Nothing in the records below may change; print them all exactly.

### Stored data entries
===============

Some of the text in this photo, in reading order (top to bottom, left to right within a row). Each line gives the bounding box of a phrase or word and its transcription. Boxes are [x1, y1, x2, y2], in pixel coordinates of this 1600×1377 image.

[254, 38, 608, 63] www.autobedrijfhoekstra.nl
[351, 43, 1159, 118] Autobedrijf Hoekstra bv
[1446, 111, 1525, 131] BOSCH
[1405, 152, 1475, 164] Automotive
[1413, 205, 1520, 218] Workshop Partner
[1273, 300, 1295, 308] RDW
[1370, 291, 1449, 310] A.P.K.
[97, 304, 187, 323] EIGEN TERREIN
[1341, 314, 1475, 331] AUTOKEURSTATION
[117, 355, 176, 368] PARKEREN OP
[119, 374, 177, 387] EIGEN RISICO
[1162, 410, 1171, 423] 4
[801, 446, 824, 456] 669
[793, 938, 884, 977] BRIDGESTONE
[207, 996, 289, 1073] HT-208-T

===============

### Your response
Some of the text in this photo, in reading order (top to bottom, left to right within a row). Each line gives the bounding box of a phrase or word and its transcription. Boxes are [x1, y1, x2, y2], in pixel coordinates of this 1600×1377 image.

[254, 38, 608, 63] www.autobedrijfhoekstra.nl
[351, 43, 1159, 118] Autobedrijf Hoekstra bv
[1446, 111, 1525, 131] BOSCH
[1405, 152, 1475, 164] Automotive
[1413, 205, 1520, 218] Workshop Partner
[1273, 300, 1295, 308] RDW
[1370, 291, 1449, 310] A.P.K.
[97, 304, 187, 323] EIGEN TERREIN
[1341, 314, 1475, 331] AUTOKEURSTATION
[117, 355, 176, 368] PARKEREN OP
[119, 374, 177, 387] EIGEN RISICO
[1162, 410, 1171, 423] 4
[801, 446, 824, 456] 669
[793, 938, 884, 977] BRIDGESTONE
[207, 996, 289, 1073] HT-208-T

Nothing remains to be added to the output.